Lee, who in January predicted the S&P 500 index (SPX) to finish at 1,100 by year-end, says the combination of quick gross domestic product recovery and low industrial growth through the recession should lead to bigger gains in sectors like industrials, material makers and energy firms.
"This is going to be a very smoke stackey recovery," says Lee. He says investors should buy "companies that feed industrial production."
Lee's call is rooted in J.P. Morgan's bullish expectations of a strong U.S. and global recovery. The bank's economic research team expects U.S. GDP will recover to 2007 levels by the end of 2010. "[I]t now looks likely that the coming four quarters will see GDP gains that rival the strongest global performance of the past two decades," its worldwide research team recently wrote.
Companies that delayed new projects and countries that put off structural upgrades during the recession, Lee contends, will put money toward industrial production to keep up with increased spending and GDP growth.
Businesses are also better positioned to spend. As Lee points out, S&P 500 companies hoarded cash and cut expenses in the downturn. Nine out of 10 sectors in the index have lower expenses levels than they did in 2007. (The only exception is health care.)
And corporate borrowing costs have dramatically fallen. "Today, high-grade issuers are borrowing at levels even lower than they could in 2005," Lee says. "There are a lot of things that have positioned companies now in 2010 for much better earnings if the economy starts to recover."

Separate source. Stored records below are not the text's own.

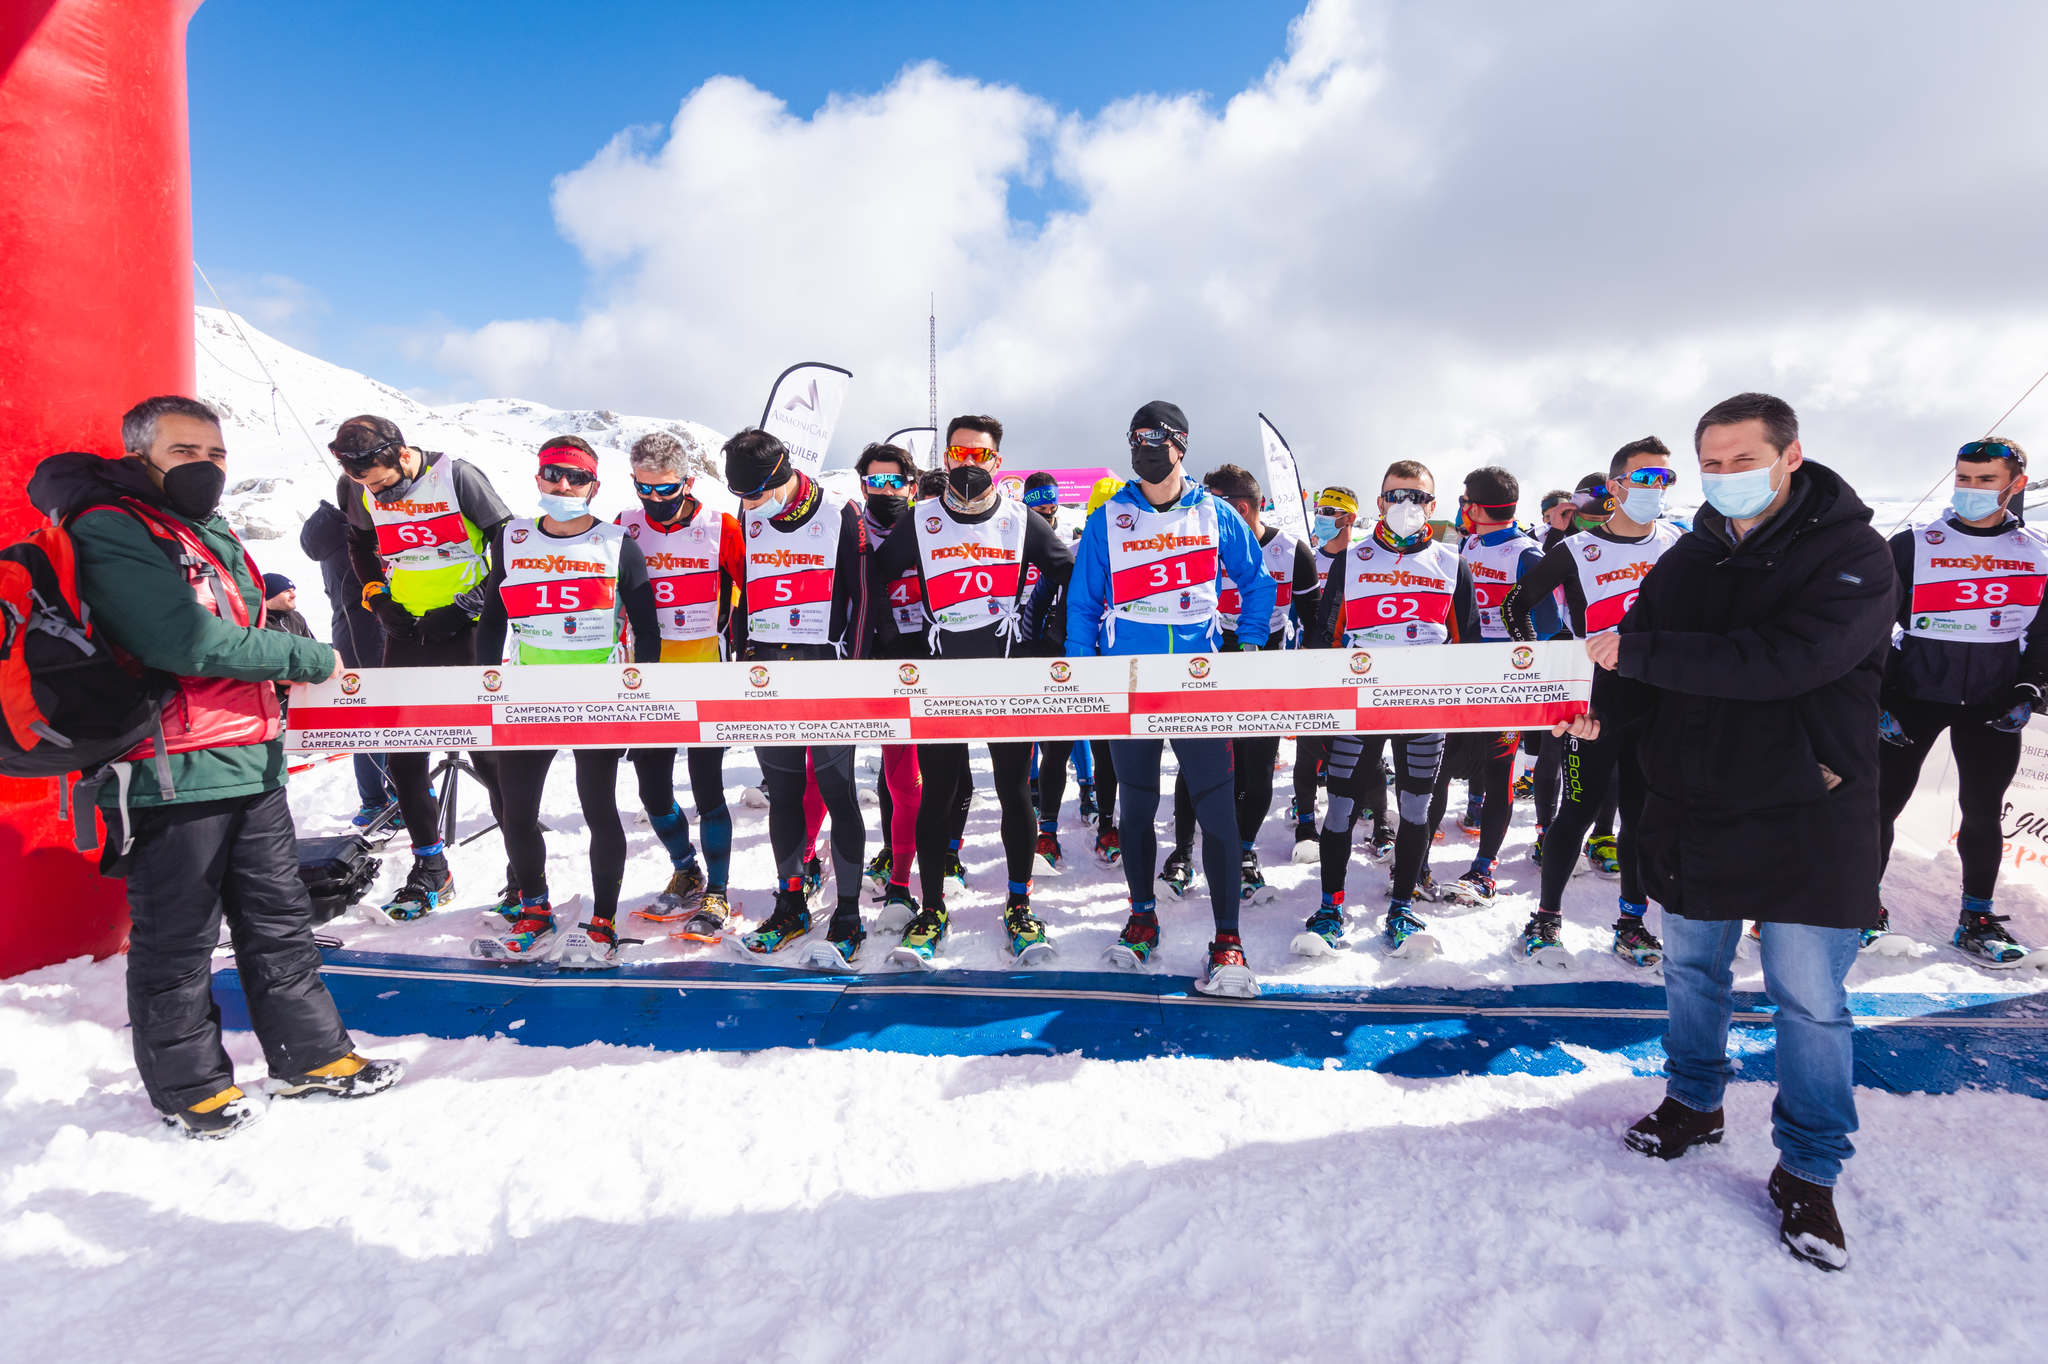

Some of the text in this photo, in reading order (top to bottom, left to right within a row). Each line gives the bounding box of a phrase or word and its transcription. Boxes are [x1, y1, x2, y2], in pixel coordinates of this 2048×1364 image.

[398, 525, 437, 545] 63
[1122, 532, 1211, 552] PICOSXTREME
[750, 549, 825, 568] PICOSXTREME
[931, 543, 1015, 561] PICOSXTREME
[511, 555, 606, 574] PICOSXTREME
[1931, 554, 2036, 572] PICOSXTREME
[1026, 566, 1038, 581] 6
[1149, 561, 1191, 587] 31
[1358, 570, 1446, 590] PICOSXTREME
[954, 571, 993, 594] 70
[536, 585, 580, 609] 15
[655, 581, 675, 603] 8
[774, 580, 792, 602] 5
[890, 583, 910, 603] 4
[1955, 582, 2009, 604] 38
[1377, 596, 1420, 620] 62
[1342, 677, 1379, 685] FCDME
[1503, 672, 1541, 680] FCDME
[1181, 681, 1218, 689] FCDME
[1373, 684, 1565, 697] CAMPEONATO Y COPA CANTABRIA
[477, 694, 510, 702] FCDME
[617, 692, 650, 700] FCDME
[745, 690, 778, 698] FCDME
[1373, 698, 1435, 706] CARRERAS
[1466, 694, 1521, 704] MONTAÑA
[1525, 692, 1570, 702] FCDME
[333, 697, 367, 705] FCDME
[924, 698, 997, 707] CAMPEONATO
[1009, 697, 1040, 706] COPA
[1043, 696, 1105, 705] CANTABRIA
[505, 705, 575, 714] CAMPEONATO
[585, 704, 614, 713] COPA
[617, 703, 675, 712] CANTABRIA
[924, 707, 983, 716] CARRERAS
[1012, 704, 1064, 714] MONTAÑA
[1066, 704, 1110, 713] FCDME
[505, 715, 560, 723] CARRERAS
[588, 713, 637, 722] MONTAÑA
[640, 712, 681, 721] FCDME
[1148, 715, 1224, 724] CAMPEONATO
[1236, 713, 1267, 722] COPA
[1270, 712, 1335, 721] CANTABRIA
[716, 723, 788, 732] CAMPEONATO
[798, 722, 828, 731] COPA
[830, 721, 890, 730] CANTABRIA
[1148, 720, 1340, 733] CARRERAS POR MONTAÑA FCDME
[302, 730, 371, 739] CAMPEONATO
[383, 728, 411, 738] COPA
[414, 728, 473, 737] CANTABRIA
[716, 733, 773, 741] CARRERAS
[800, 730, 850, 739] MONTAÑA
[853, 730, 896, 739] FCDME
[301, 736, 478, 749] CARRERAS POR MONTAÑA FCDME
[1569, 754, 1584, 803] Body

How can investors buy into an industrial recovery? First, Lee recommends small and midcap stocks which rise fastest during a recovery. The Russell 2,000 index of smallcaps for example, has returned 63% since its March 9th low, while the Dow Jones Industrial Average has gained 42% since then.
J.P. Morgan Securities recently released its small and midcap "Money List" -- a group of recommended stocks based on risk/reward, industries, and balance sheets. Lee thinks the following shares should benefit from a smoke stack recovery:
Bway Holding Company (BWY)
The $1-billion company makes containers: metal paint cans, aerosol cans and plastic pails. Lee likes the stock because it trades at one of the group's cheapest price/earnings to growth ratios. It was 2.39 in the June quarter. Bway also raised its 2009 earnings expectations by 4% to $124 million in August as costs cuts worked amid declining sales.
Century Aluminum (CENX)
The $2-billion aluminum maker supplies four main customers for nearly 75% of its sales: Rio Tinto Alcan (the aluminum unit of Rio Tinto), Southwire, BHP Billiton, and Glencore International. The value of its stock has risen nine-fold since March. But Lee still sees opportunity as a strong U.S. recovery will hasten the need for materials.
Terex (TEX, Fortune 500)
Terex cranes and construction equipment can been seen at almost any construction site. The $9.9 billion manufacturer makes cement mixing trucks and surface mining equipment and is the world's No. 3 construction equipment maker. Terex said this summer that sales cold drop 40% to 45% this year amid the recession, but J.P. Morgan expects the stock to bounce back.
Lee cautions that every recovery slowly works its way through different economic sectors. Even so, he recommends retail investors buy strong operators before Wall Street analysts begin to turn bullish and upgrade their stocks. He notes that the number of "buy" ratings on S&P 500 companies are at their lowest level since 2003. "For a retail investor, that's important, Lee says. "They might anticipate [a recovery]."